Umschlag Die Wasserfalle von Slunj 640Heimito von Doderers Projekt „Roman Nr. 7“

Klaus Philipp Mertens

Frankfurt am Main (Weltexpresso) – Es bedarf keines Jahrestags, um sich mit Heimito von Doderers Werk zu beschäftigen.

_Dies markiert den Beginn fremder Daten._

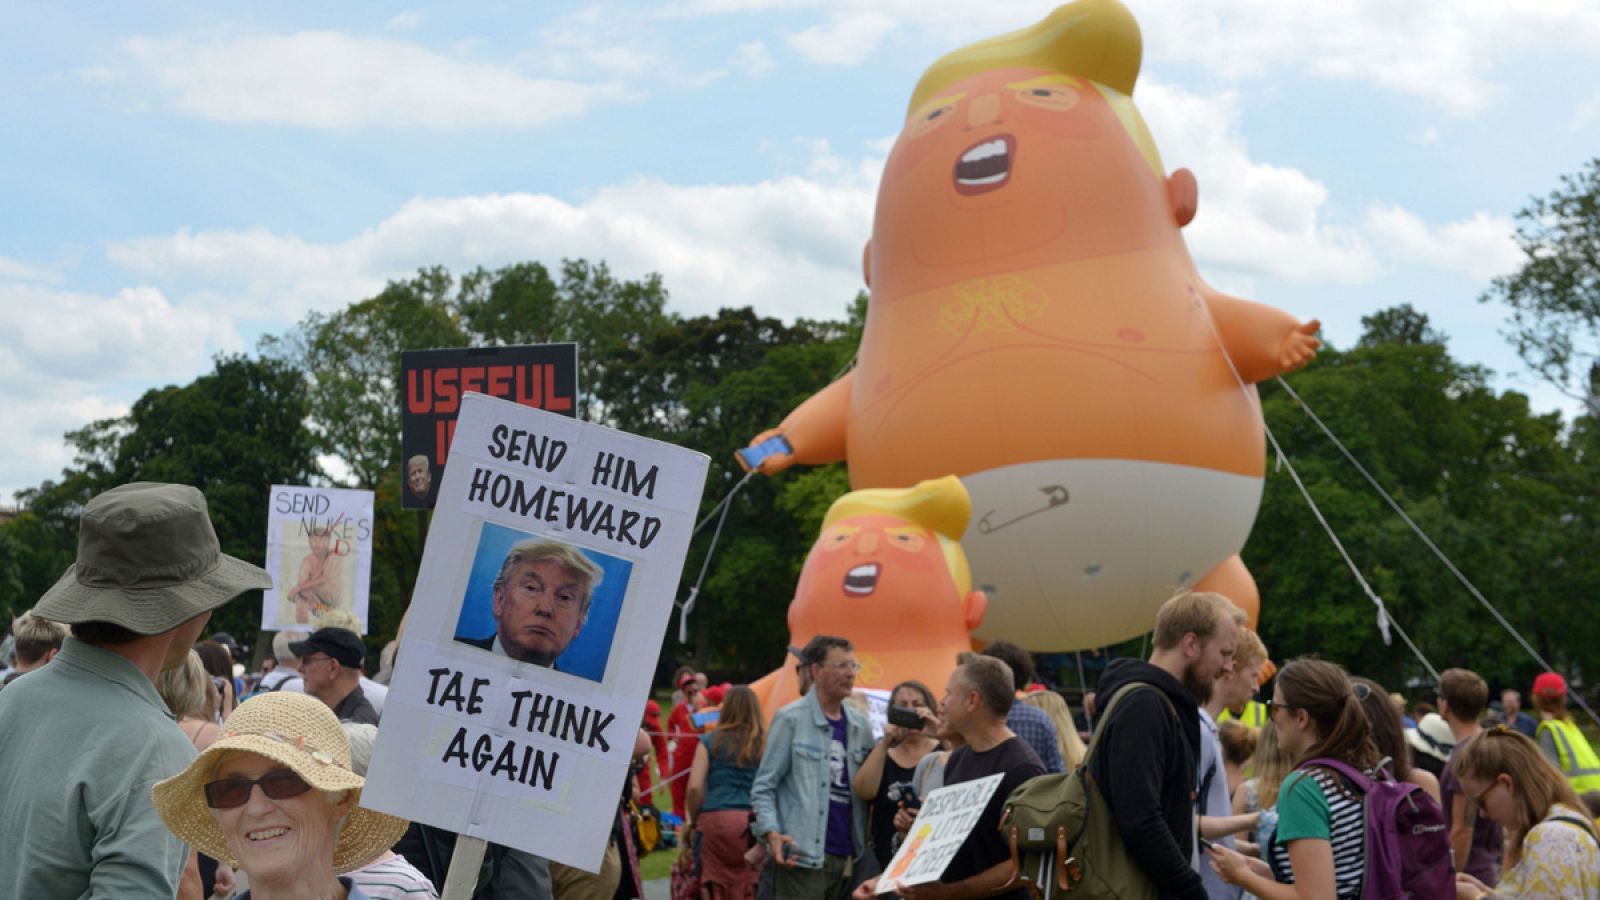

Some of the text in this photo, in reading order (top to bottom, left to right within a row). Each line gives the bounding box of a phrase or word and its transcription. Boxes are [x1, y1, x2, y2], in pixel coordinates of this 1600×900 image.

[487, 424, 568, 473] SEND
[591, 451, 659, 500] HIM
[276, 492, 330, 515] SEND
[468, 468, 662, 549] HOMEWARD
[426, 668, 616, 752] TAE THINK
[442, 727, 560, 791] AGAIN

Es reicht das Bedürfnis nach jener Art Literatur, die formal, sprachlich und inhaltlich Wesentliches von dem zur Sprache bringt, was ein Mensch in seinem Leben erleben und erleiden kann. Und damit kann man an jedem Tag beginnen. Die Frankfurter Literaturinitiative PRO LESEN e.V. hatte einen Einstieg am 20. Februar dieses Jahres mit Doderers Roman „Die Strudlhofstiege“ begonnen. Der fand den Beifall des anwesenden und nichtanwesenden Publikums. Also lag es nahe, sich im Herbst dem zweiten großen Roman zuwenden, den „Dämonen“. Letzterer gilt als das Hauptwerk des Autors. Doch bei der Vorbereitung stieß ich auf ein Interview des Deutschlandfunks mit der Doderer-Kennerin Eva Menasse aus dem Jahr 2016.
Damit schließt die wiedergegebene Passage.